A lot of people in my social media circle got mildly upset yesterday after The Gloss’s favorite women’s site XOJane published an article called Unpopular Opinion: I’m a Sex-Negative Feminist. Ready to be equal parts annoyed and amused, I clicked. But guess what? I actually agreed with a lot of it.

In this article, writer Jillian Horowitz describes the philosophy behind “sex-negative feminism,” which, contrary to how it sounds, is a philosophy that does not necessarily view sex as bad, but takes issue with the idea that pleasure is always good, and that “the bedroom” should be an area immune from critical discussion.

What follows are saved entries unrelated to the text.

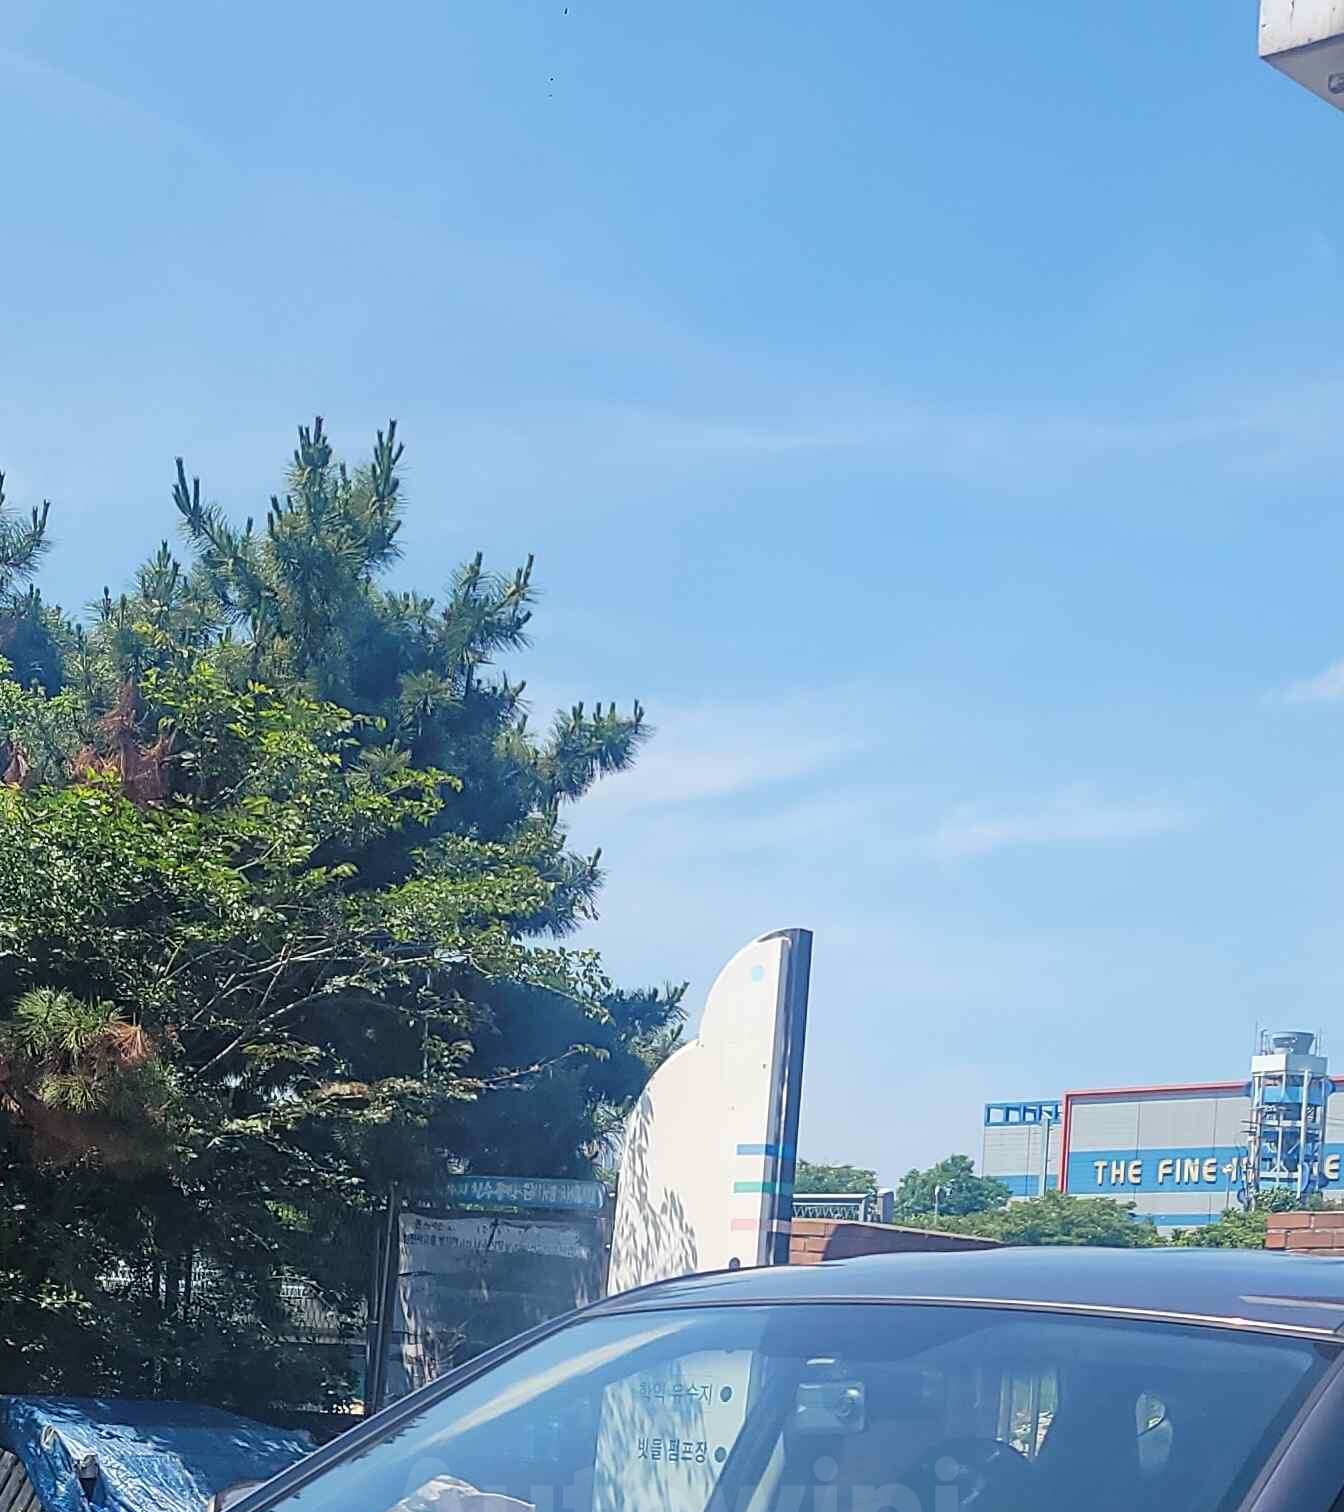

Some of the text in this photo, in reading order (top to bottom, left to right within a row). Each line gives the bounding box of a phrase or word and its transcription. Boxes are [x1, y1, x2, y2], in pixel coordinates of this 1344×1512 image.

[1094, 1159, 1142, 1186] THE
[1158, 1157, 1218, 1186] FINE
[637, 1437, 709, 1464] 빗물 펌프장
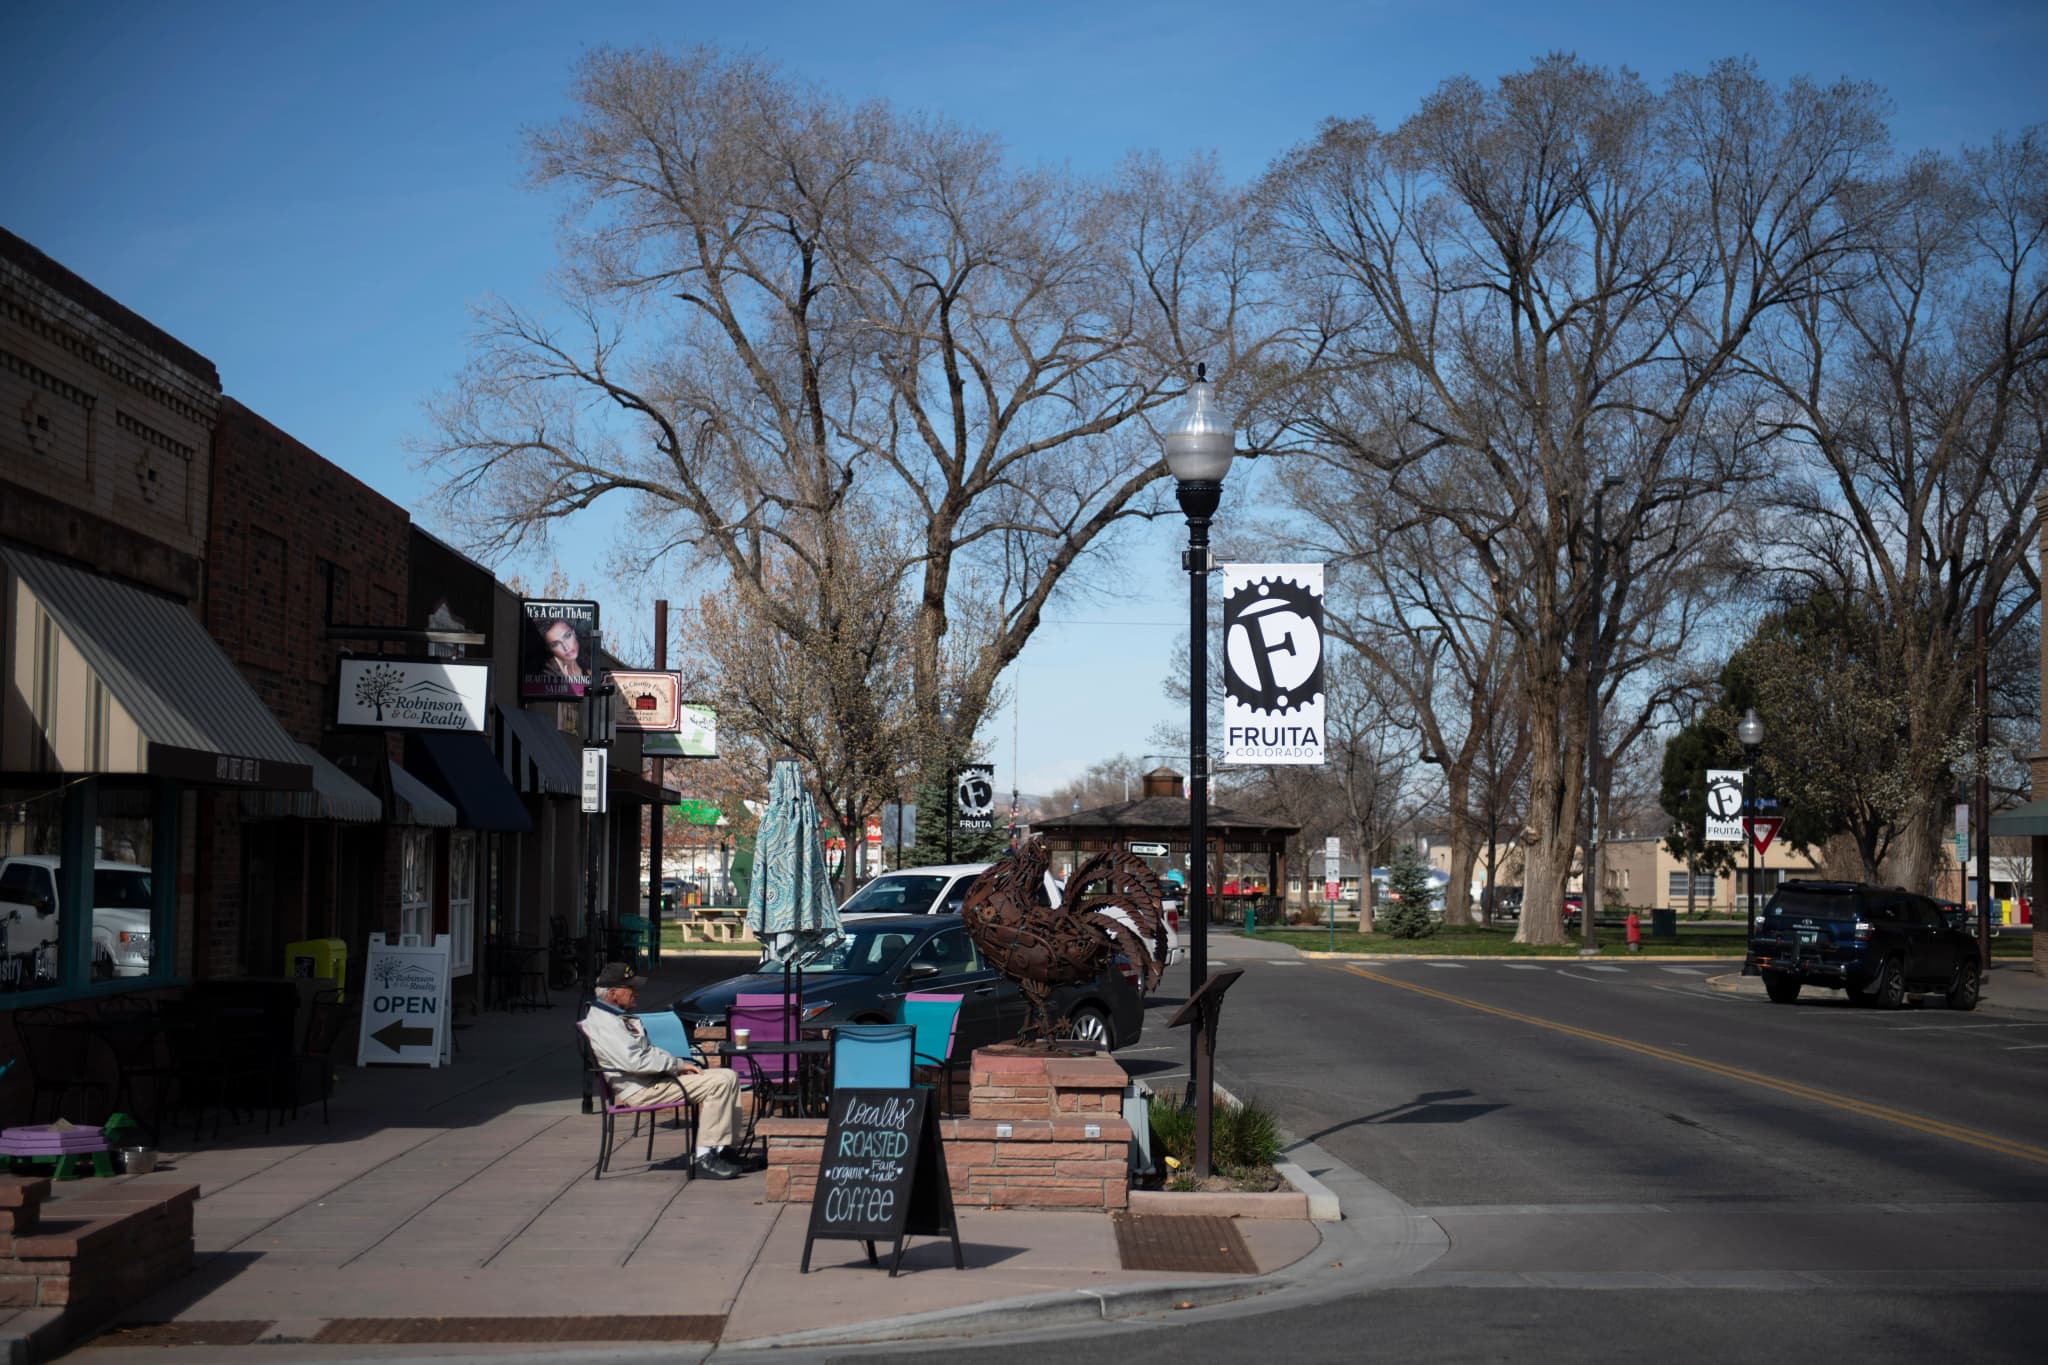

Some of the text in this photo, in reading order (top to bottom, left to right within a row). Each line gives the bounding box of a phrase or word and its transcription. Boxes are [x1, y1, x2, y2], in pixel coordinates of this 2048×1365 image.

[540, 607, 547, 618] A
[548, 607, 564, 618] Girl
[566, 607, 592, 622] ThAng
[396, 696, 463, 712] Robinson
[391, 709, 468, 729] & Co. Realty
[1229, 726, 1319, 747] FRUITA
[1234, 746, 1315, 758] COLORADO
[959, 820, 992, 829] FRUITA
[1708, 826, 1741, 836] FRUITA
[409, 982, 437, 993] Realty
[373, 995, 436, 1014] OPEN
[839, 1096, 915, 1130] locally
[838, 1130, 909, 1159] ROASTED
[869, 1170, 898, 1183] trade
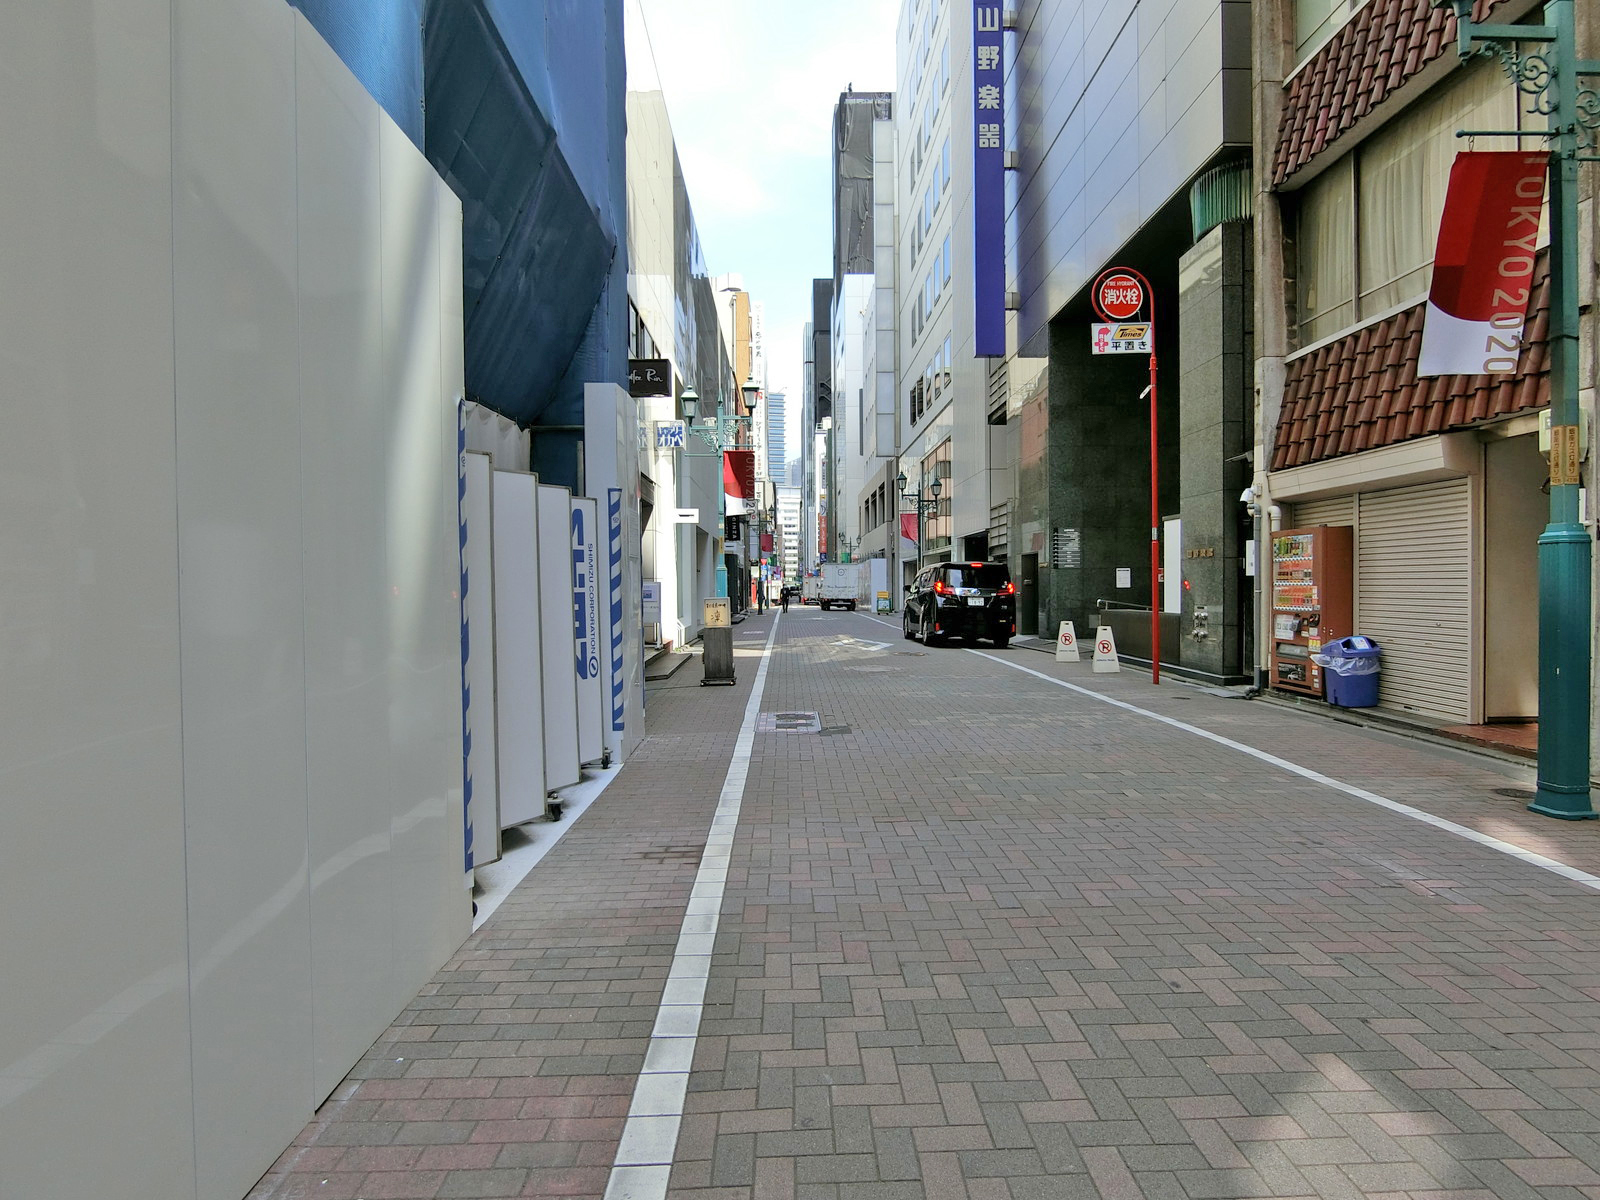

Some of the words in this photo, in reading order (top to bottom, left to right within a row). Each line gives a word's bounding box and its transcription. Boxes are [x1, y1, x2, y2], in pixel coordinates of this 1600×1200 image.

[977, 7, 1000, 148] 山野楽器
[1104, 288, 1139, 305] 消火栓
[1119, 328, 1145, 338] Times
[1482, 288, 1530, 375] 2020
[1111, 341, 1147, 351] 平置き
[645, 368, 664, 382] Rin
[657, 434, 684, 447] オカベ
[588, 585, 597, 654] CORPORATION

To quote The Ethical Slut, the sex positive ethos espouses, broadly, “the radical proposition that sex is nice and pleasure is good for you.” “Sex-negative feminism” views this statement as essentially naive, because if you are going to acknowledge that most aspects of modern life and society are affected by patriarchy, why should sex be some special exception?

Writes Horowitz (she is quoting herself, but whatever):

“Related to choice feminism is sex-positive feminism, much of which makes me rather uncomfortable.  It often seems to me that, for many self-identified feminists, sex is the one domain in which feminist politics should have no import (unless that politic is that sex and/or pleasure is always good and healthy and desirable and that fantasies and desires have no bearing on life outside the bedroom).  Sex is not a realm separate from politics — it is always already political and social and it doesn’t happen in a vacuum.  Kinks are not necessarily harmless.  Even the notion of consent, considered by so many to be a simple matter, is problematic — in a patriarchal society where women’s agency is circumscribed by male supremacy, how meaningful is consent? These issues are purposefully obscured by sex-positive feminists who believe that sex is an inherent good and that to feel otherwise is somehow aberrant, abnormal, a position that should be remedied.”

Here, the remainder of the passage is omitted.